Estimating Correlation from TDA Data Structure

ReNom ｜ ReNomTDA

“ReNom TDA” is a module for mapping, visualizing, and analyzing high dimensional data into topological space (space without distance with topology added). By understanding the data structure and intuitively grasping the relationship between variables, ReNom TDA can help data analysis engineers with modelling. ReNom TDA can also be used not only for preprocessing data and grasping data structure, but also for advanced profiling tool. For example, by visualizing the connection between complex data, users can analyze various data such as customer data analysis, machine data analysis, financial analysis, unauthorized access, and cyber security analysis.

Visualizing Data Using Topological Geometry

Topological geometry is the field of mathematics that focus on the property of a shape even, when it deforms continuously, and the connection it has in topological space, where distance has no importance. Unlike traditional geometry, length and angle are not considered as features, thus the expression that the data has can differ from tradional method. By projecting
data to toplogical space, features that are lost during dimentional reduction can be obtained.

Estimating Correlation by Comparing Objective Variable and Explanatory Variable

Topological geometry is the field of mathematics that focus on the property of a shape even, when it deforms continuously, and the connection it has in topological space, where distance has no importance.

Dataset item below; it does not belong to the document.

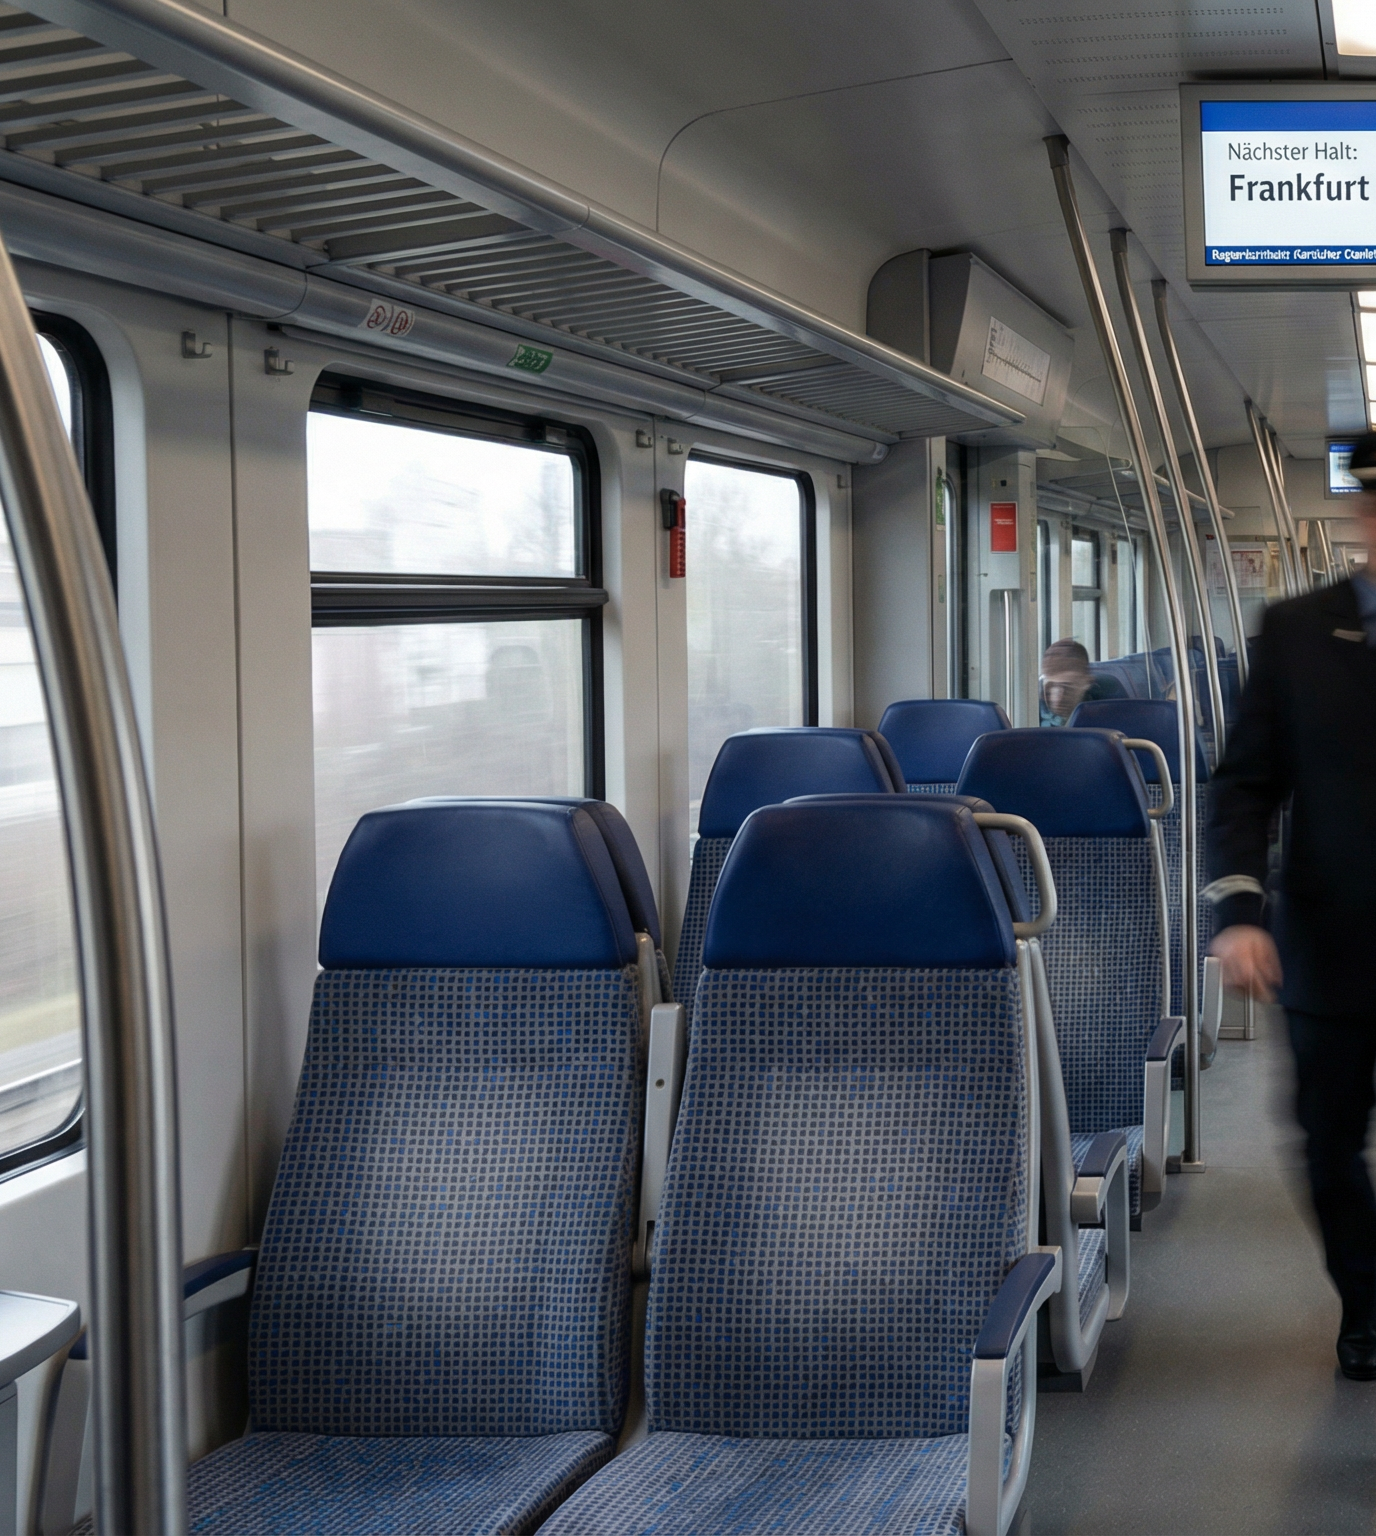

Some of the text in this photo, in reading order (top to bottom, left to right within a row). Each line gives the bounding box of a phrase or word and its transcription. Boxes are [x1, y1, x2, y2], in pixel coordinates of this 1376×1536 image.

[1228, 141, 1358, 160] Nächster Halt:
[1229, 172, 1370, 201] Frankfurt

Unlike traditional geometry, length and angle are not considered as features, thus the expression that the data has can differ from tradional method. By projecting data to toplogical space, features that are lost during dimentional reduction can be obtained.

Resolving Problems that Occur in Traditional Dimensional Reduction

Dimensional reduction methods, such as PCA, reduce dimensions of data by
projecting data on the axis that can keep the data volume as much as possible.
Therefore, if dimensions of data with multidimensional variables are reduced,
information of variables not following the axis are lost.

What does TDA do ?

“ReNom TDA” can reduce dimensions while maintaining the connections of data in high dimensions, thus data characteristics which were hard to visualize in traditional methods, can be visible.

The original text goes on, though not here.